A gust of wind rumpled the surface. Or rather, as it has to my dismay already been written

The auroral breeze wrinkled a large luminous puddle, making of the telephone wires reflected in it illegible lines of black zigzags.

As the image stabilized I noticed a strange speck moving across the pool. Not an insect, not a fish—the water was still again before I realized I was watching the reflection of someone walking a highline on the Rostrum.

There was the jolt of comprehension and then, at once, the vertiginous, rapid flight of the mind’s eye from my vantage point on the riverbank to theirs, a thousand feet up on inches of webbing in the empty air. I saw their bare feet and the long, long drop, heard the wind, felt the sweat bead on my palms and tasted the adrenaline in my mouth. And—

For a moment, we were both in the same warm green bath of the mirror that reflected the top of a poplar with us in the sky.

Later, I stepped out from under the trees to look up the cliff face and watch the walker right-side-up. But the late afternoon sky was too bright for me to see something so small, and so the scene existed only in solution.

Generator Station
Generator Station, liquefied.

This, by the way, is why I write—even though I’ll never be Nabokov: for the things invisible except in reflection, for the perspective of the reverse.

Yosemite, 10/11-10/12

Three things I learned this time:

1) When the topo gives totally contradictory  information (“munge-filled,” “cool!”), best to assume the worst of it is true. Also best to have Chris lead.
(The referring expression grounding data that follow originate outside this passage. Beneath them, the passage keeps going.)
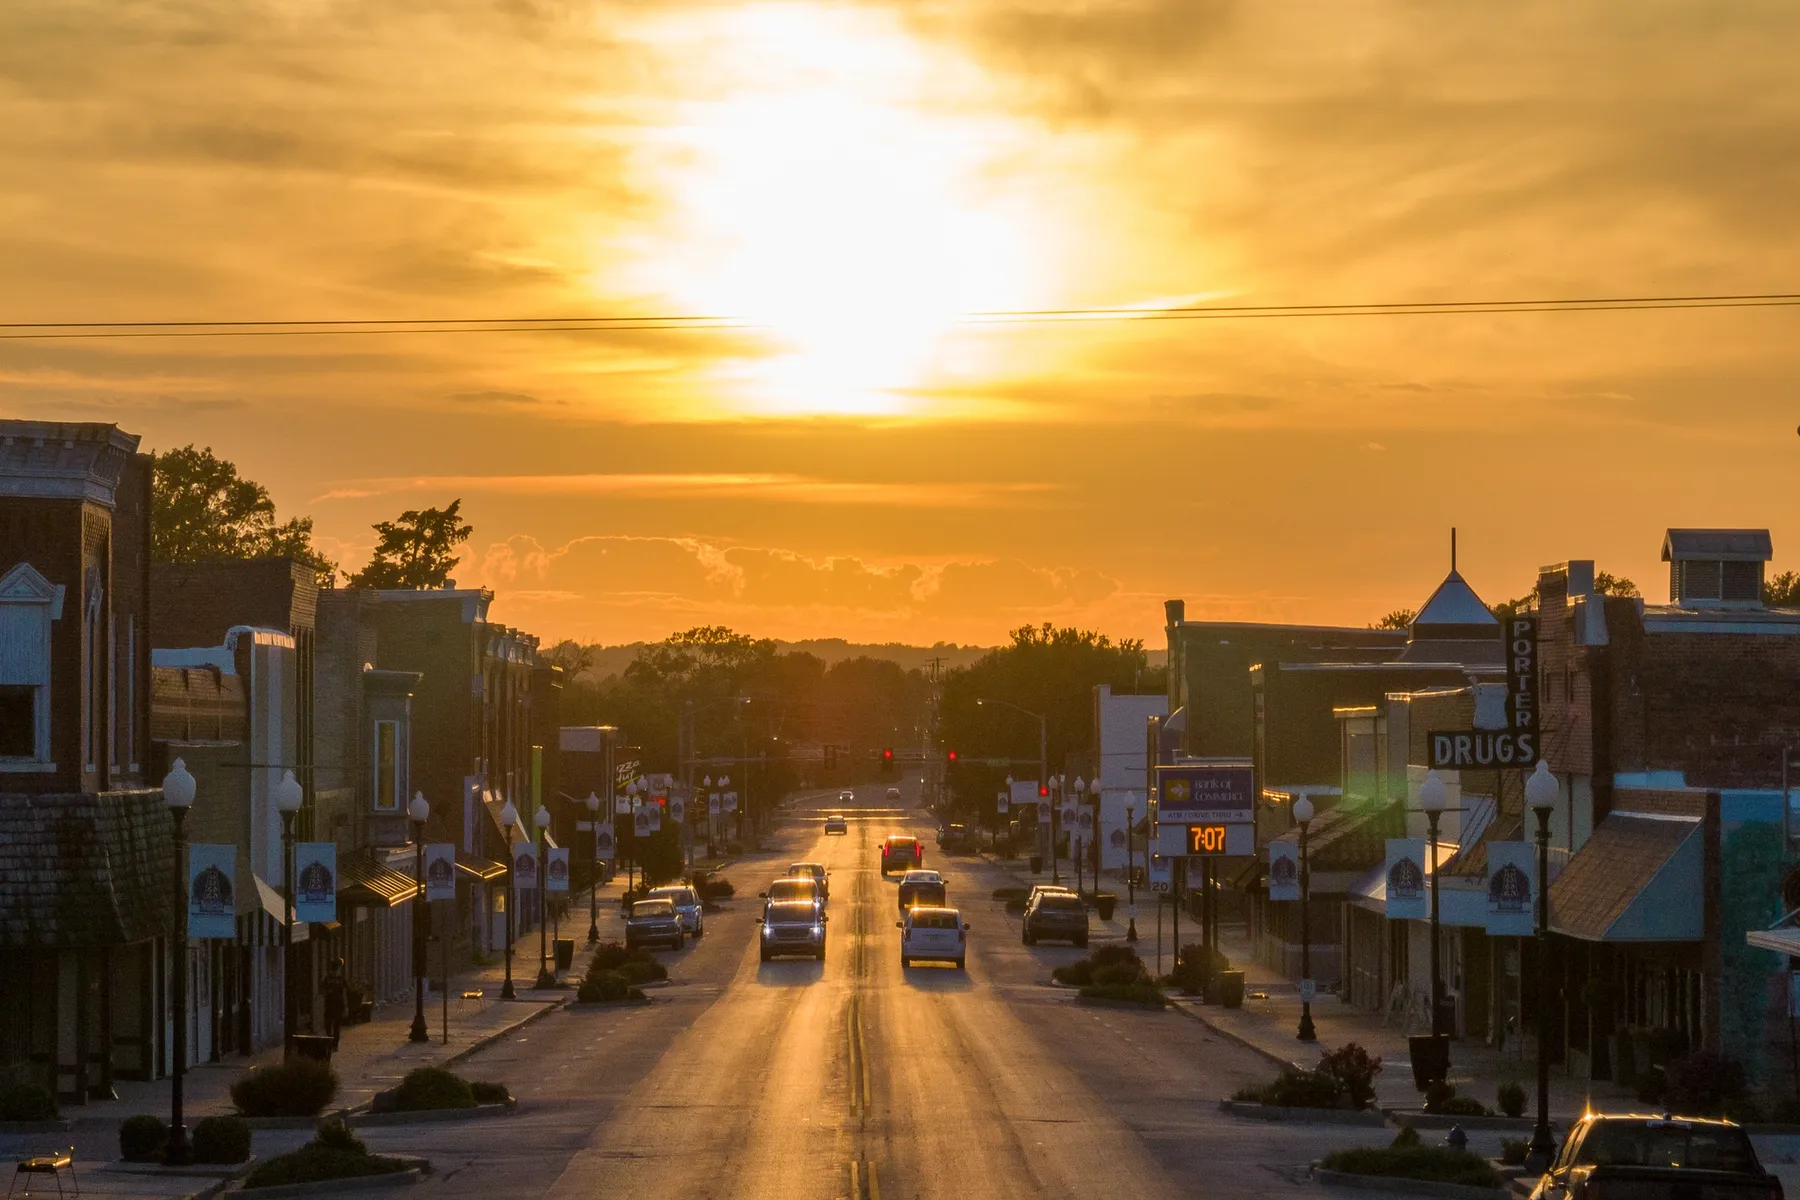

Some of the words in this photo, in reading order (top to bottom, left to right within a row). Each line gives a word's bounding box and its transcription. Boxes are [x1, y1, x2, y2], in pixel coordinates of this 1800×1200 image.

[1512, 620, 1532, 728] PORTER
[1434, 733, 1535, 766] DRUGS
[615, 760, 640, 773] izza
[1168, 811, 1183, 819] ATM
[1188, 811, 1210, 819] DRIVE
[1212, 811, 1232, 819] THRU
[1191, 827, 1225, 851] 7:07
[1151, 882, 1169, 892] 20
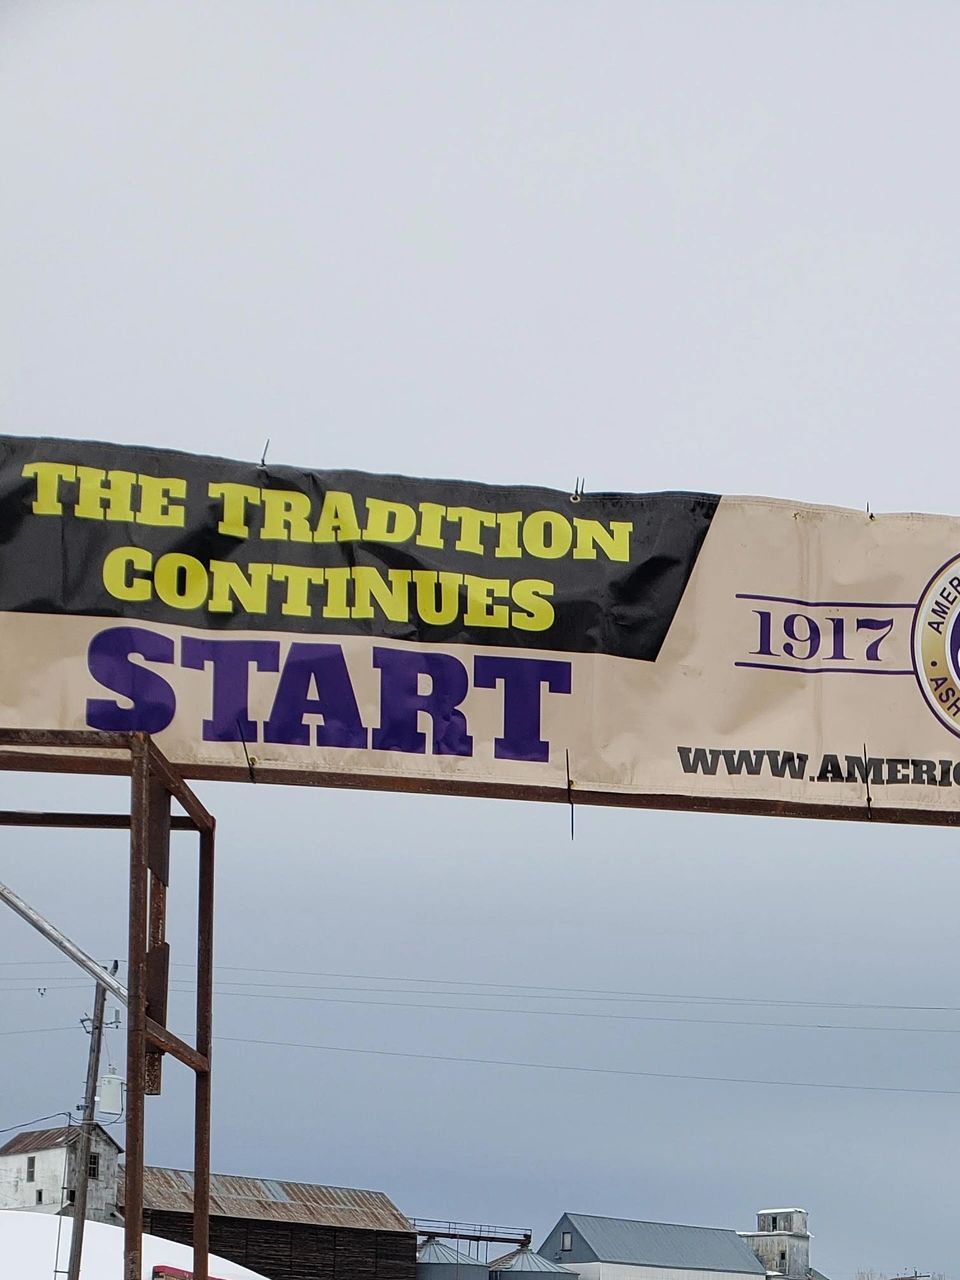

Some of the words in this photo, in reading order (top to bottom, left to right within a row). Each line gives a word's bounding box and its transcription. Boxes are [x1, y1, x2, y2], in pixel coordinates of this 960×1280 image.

[21, 462, 187, 527] THE
[208, 482, 633, 562] TRADITION
[102, 546, 555, 632] CONTINUES
[748, 609, 894, 662] 1917
[85, 626, 572, 763] START
The man is impervious.

2) Trad can actually be a social activity, even for an ornery individual like me. It’s not that I don’t like climbing near other people; it’s that I don’t like climbing near other people … I don’t like?
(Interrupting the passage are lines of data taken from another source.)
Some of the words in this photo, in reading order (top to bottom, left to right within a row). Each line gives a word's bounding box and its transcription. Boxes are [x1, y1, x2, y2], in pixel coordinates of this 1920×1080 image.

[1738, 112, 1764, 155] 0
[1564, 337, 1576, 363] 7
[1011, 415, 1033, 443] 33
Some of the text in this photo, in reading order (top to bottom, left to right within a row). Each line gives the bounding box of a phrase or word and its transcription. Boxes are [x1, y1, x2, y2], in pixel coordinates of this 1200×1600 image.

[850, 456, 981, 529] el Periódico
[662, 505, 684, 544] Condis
Manure Pile Buttress takeover. We're even missing two people in this shot! Photo poached from Robert, of course.
Whereas everyone I’m with here is awesome. Photo poached from Robert.

3) Why so far I prefer leading (easy) multi-pitch trad to (easy) single-pitch sport. No surprise, it’s lizard brain again: On a tall route protected with my own sketchy gear, that thing perceives safety at the top of the wall. Even in full freakout, I’m motivated to continue—whereas a trustworthy bolt is a compelling invitation to quit and come down. Absurd. Absurd! But isn’t all of this?

Tuolumne, 9/13-9/14

“Why do you climb when you don’t even like it?” 

Went to Tuolumne again, set off for Guide Cracks on Sunday with every intention of practicing hand-jams until I broke myself of either the fear or the inclination—or, more plausibly, just plain broke.

Instead we got lost. It took a while to figure out we were on the wrong rock, but less to realize that we ought to walk to the top of it. So we did, and it looked like this:

Not the top of Daff Dome.
Top of … well, definitely not Daff Dome.

Gasping for air under the weight of gear I hardly know how to use, I looked around and saw the reasons that I’m trying to learn—which are, oddly, also the reasons that it doesn’t matter whether I ever do. It’s another of the mountains’ tricks of perspective: that the whole world can contract so violently around a single knot or finger or knife-blade edge of rock; and then explode into infinity again on these summits, subsume the memory of the fear in space and light.

Three years ago and three years even less self-conscious about what I put on the Internet, I wrote,

There’s a vertigo in the view, something that pulls me out of and over myself so that the scene spins below me even as I’m looking to the shore. The sensation of smallness is a comfort and embrace; I’m at once enveloped and untethered and it’s peace. Why only out here? Why, elsewhere in life, is insignificance a worthlessness, a wound?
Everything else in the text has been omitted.